Some of the most common types of obsessions in OCD involve various aspects of contamination such as fear of dirt, germs, or illness. The person with OCD might fear the worst for themselves, their loved ones, or even strangers. If you’re a mother (and even if you’re not) you likely know that dirt, germs and illness are an inevitable part of childhood. How can a mom with OCD possibly take her four-year-old child into a public restroom?

Surprisingly, most can and do. Over the years I have connected with moms who have OCD who do what they need to do, despite their fears. By caring for their children, they are actually engaging in the gold-standard psychological treatment for OCD — exposure and response prevention (ERP) therapy.

And because ERP therapy works, these moms find that the more they bring their children into those restrooms, or allow them to play at the playground without trailing behind them with sanitizing wipes, or agree to let them spend time at a friend’s house, the less their OCD rears its ugly head. In short, they habituate, or get used to, being in these situations and accepting the uncertainty of what might happen.

Another comment I hear often from moms with OCD is that because caring for a child (or perhaps multiple children, and even a family pet) is time-consuming and never-ending, they are so busy that they don’t have time to worry about all the things OCD thinks they should worry about. If your baby has a dirty diaper, the dog is barking to go out, your toddler just found the finger paints, and you need to get to the grocery store, you don’t have time to fret over your fear of contamination. You just change the diaper, tend to the dog, quickly wipe your toddler’s hands, and get out the door. OCD might be protesting in the background, but you have no time for its silly demands. Again, great ERP therapy!

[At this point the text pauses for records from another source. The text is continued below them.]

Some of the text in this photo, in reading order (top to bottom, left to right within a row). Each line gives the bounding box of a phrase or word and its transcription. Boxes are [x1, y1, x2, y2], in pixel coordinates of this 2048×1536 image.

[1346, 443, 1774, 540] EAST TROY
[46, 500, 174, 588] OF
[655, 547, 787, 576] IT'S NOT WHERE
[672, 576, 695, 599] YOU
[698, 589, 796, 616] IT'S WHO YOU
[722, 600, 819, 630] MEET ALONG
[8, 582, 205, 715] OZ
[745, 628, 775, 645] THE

Of course, it doesn’t work this way for all moms, and for some OCD is in control. To these moms, I say, first and foremost, please get help from a mental health professional so you can learn to quell your OCD until it is nothing more than background noise as you care for your children. The truth is, if your obsessive-compulsive disorder remains untreated, it will affect your the well-being of your children. Their world will be limited, they will pick up on your anxiety, and they might even mimic your behaviors.

For moms who are struggling with OCD, please resolve to put your children before your OCD. Learn how to spend quality time enjoying them, not ruminating over all the things that might go wrong in a given moment.

The irony is that OCD wants you to believe that giving in to its demands is keeping your children safe, when in reality, your behaviors are likely hurting them. Modeling healthy behavior and how to deal with life’s challenges might be the best gift you ever give your children.

Finally, being a mom with OCD can feel extremely isolating. But you are not alone. Join support groups (online and in-person), talk to an OCD therapist, and accept the love and support of family and friends (but no enabling!). You and your children deserve lives not compromised by OCD.